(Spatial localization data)
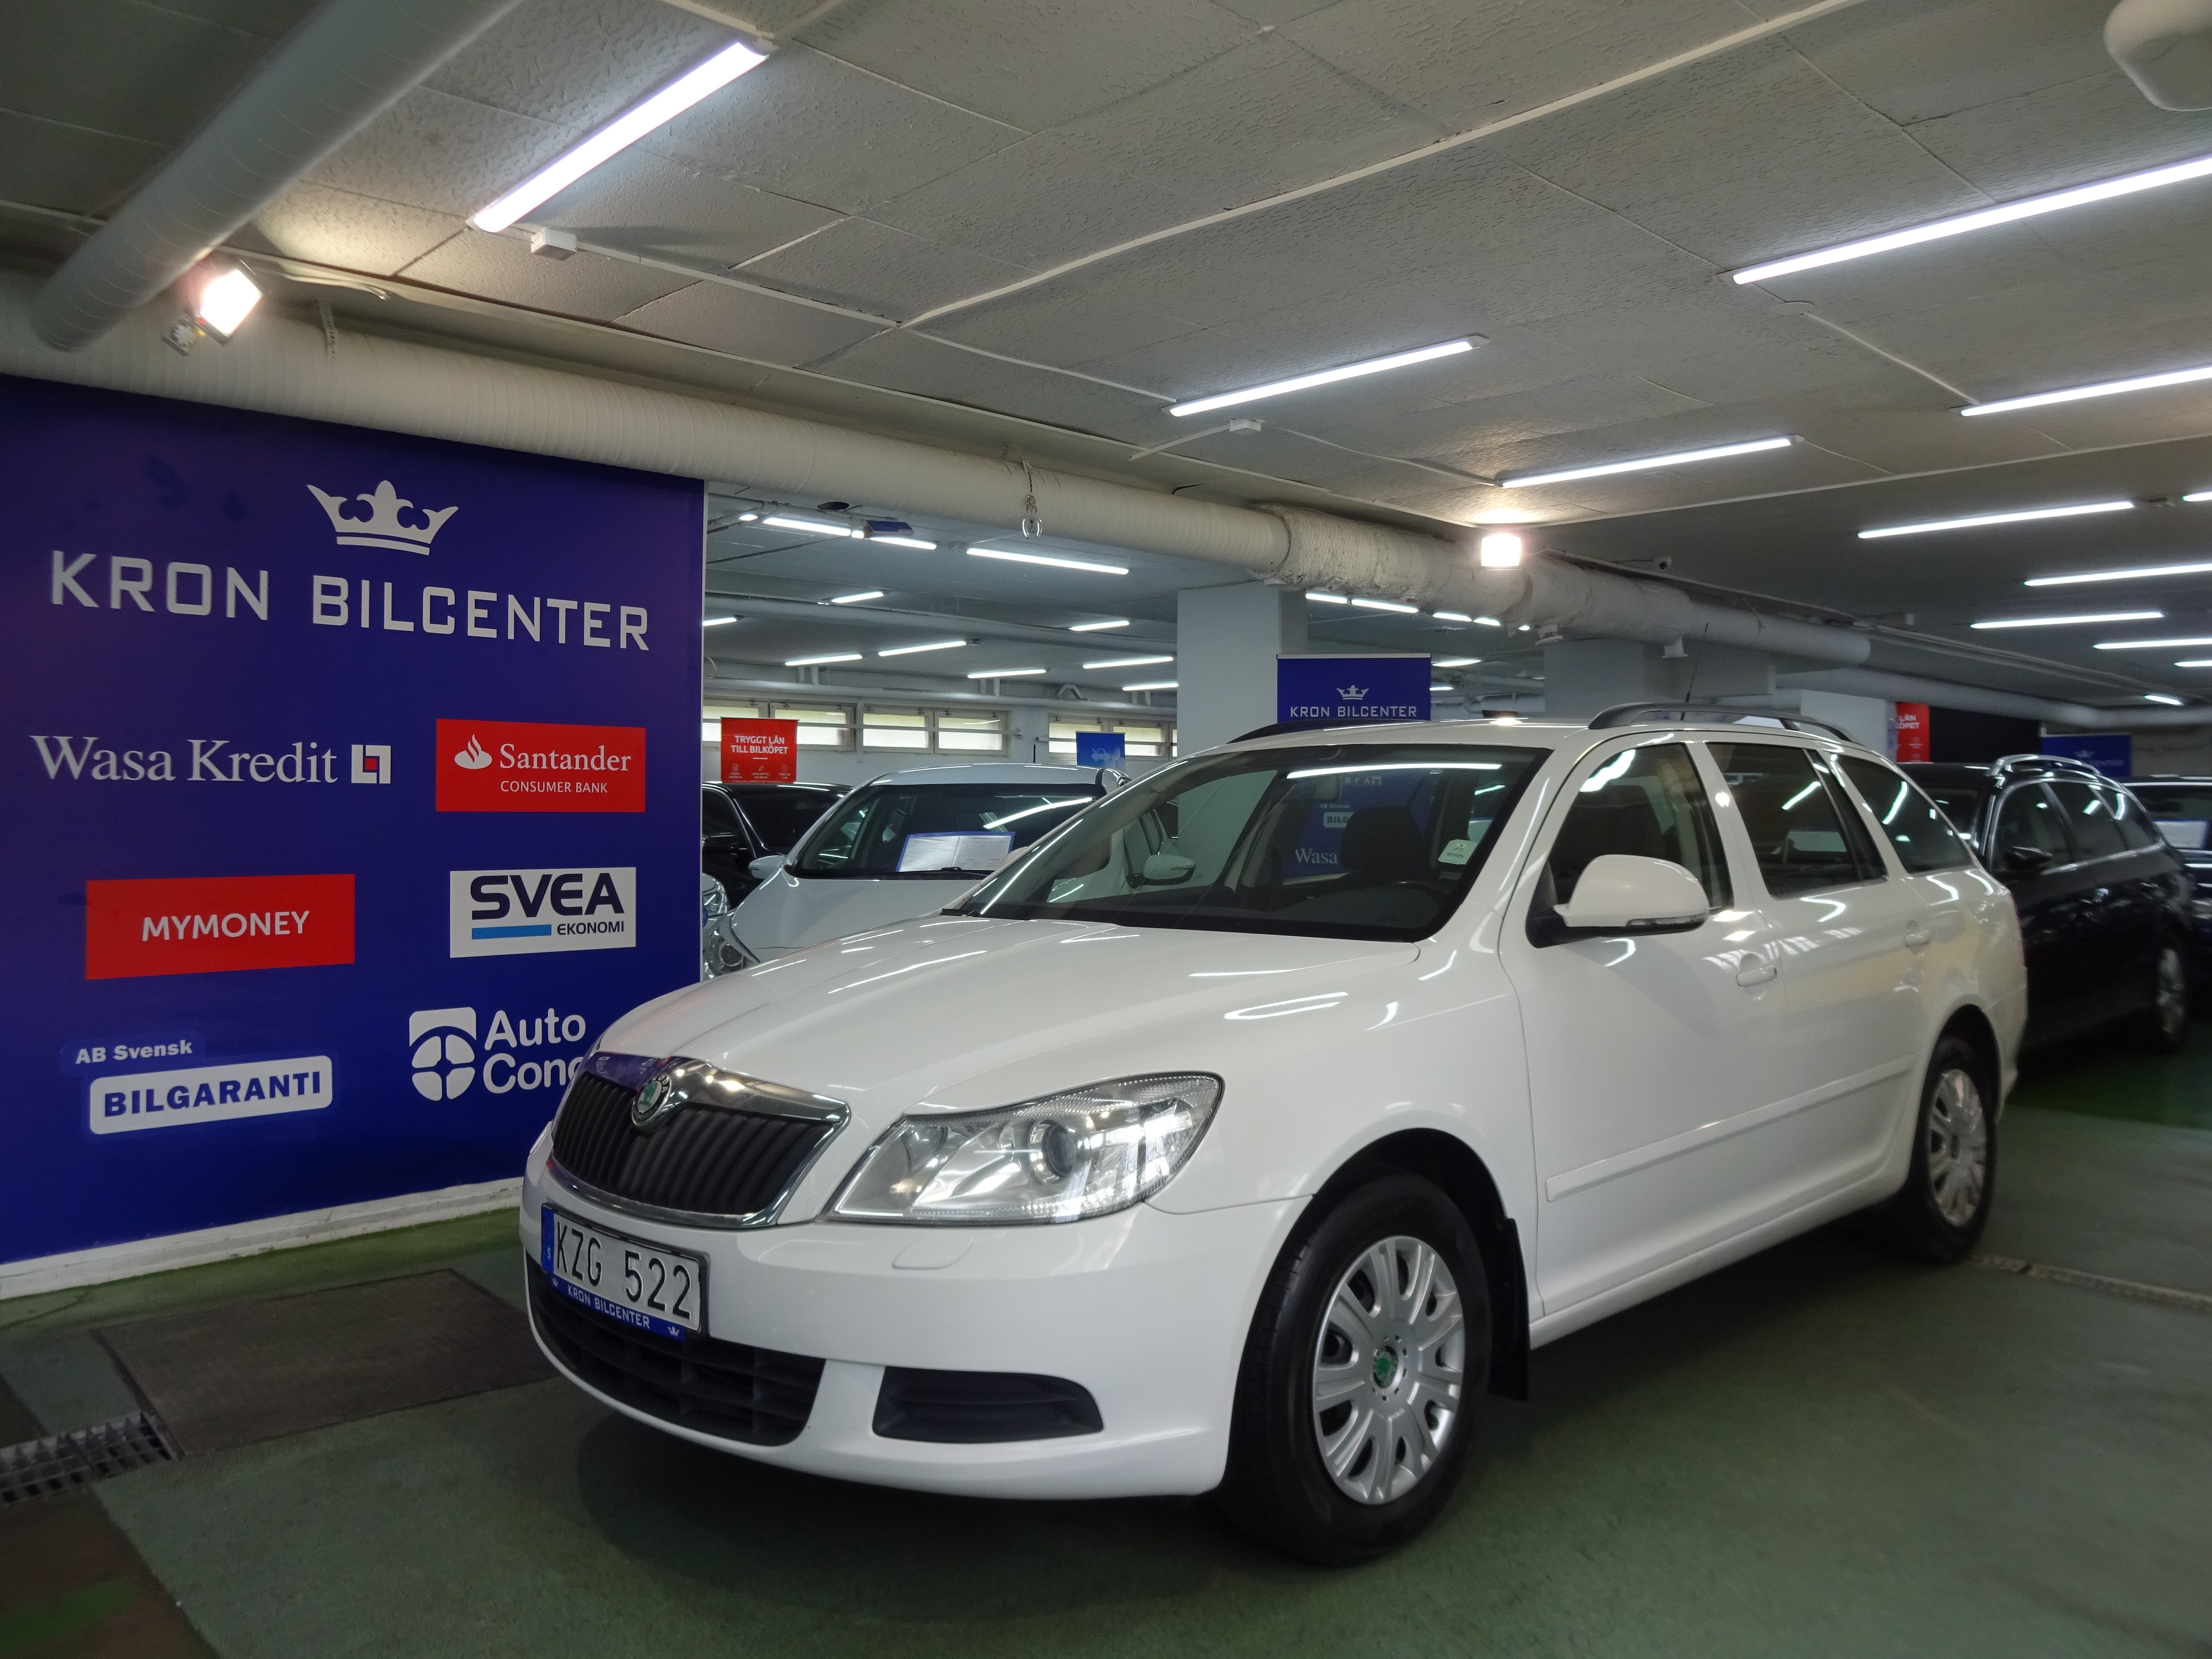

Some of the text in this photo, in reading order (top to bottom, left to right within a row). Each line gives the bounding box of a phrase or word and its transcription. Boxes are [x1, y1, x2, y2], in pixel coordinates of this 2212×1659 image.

[52, 551, 650, 651] KRON BILCENTER
[1290, 706, 1416, 717] KRON BILCENTER
[735, 735, 784, 744] TRYGGT LÅN
[750, 745, 788, 754] BILKÖPET
[29, 736, 338, 783] Wasa Kredit
[500, 743, 631, 771] Santander
[501, 781, 608, 793] CONSUMER BANK
[1295, 848, 1338, 864] Wasa
[470, 873, 624, 920] SVEA
[141, 910, 310, 942] MYMONEY
[557, 921, 624, 935] EKONOMI
[484, 1008, 586, 1050] Auto
[75, 1040, 192, 1064] AB Svensk
[104, 1071, 320, 1117] BILGARANTI
[547, 1247, 551, 1260] S
[557, 1222, 690, 1319] KZG 522
[568, 1284, 650, 1329] KRON BILCENTER

Task prompt:
From the first line to the last, retype the entries above exactly, minus the pictures.

Answer box:
Some of the text in this photo, in reading order (top to bottom, left to right within a row). Each line gives the bounding box of a phrase or word and its transcription. Boxes are [x1, y1, x2, y2], in pixel coordinates of this 2212×1659 image.

[52, 551, 650, 651] KRON BILCENTER
[1290, 706, 1416, 717] KRON BILCENTER
[735, 735, 784, 744] TRYGGT LÅN
[750, 745, 788, 754] BILKÖPET
[29, 736, 338, 783] Wasa Kredit
[500, 743, 631, 771] Santander
[501, 781, 608, 793] CONSUMER BANK
[1295, 848, 1338, 864] Wasa
[470, 873, 624, 920] SVEA
[141, 910, 310, 942] MYMONEY
[557, 921, 624, 935] EKONOMI
[484, 1008, 586, 1050] Auto
[75, 1040, 192, 1064] AB Svensk
[104, 1071, 320, 1117] BILGARANTI
[547, 1247, 551, 1260] S
[557, 1222, 690, 1319] KZG 522
[568, 1284, 650, 1329] KRON BILCENTER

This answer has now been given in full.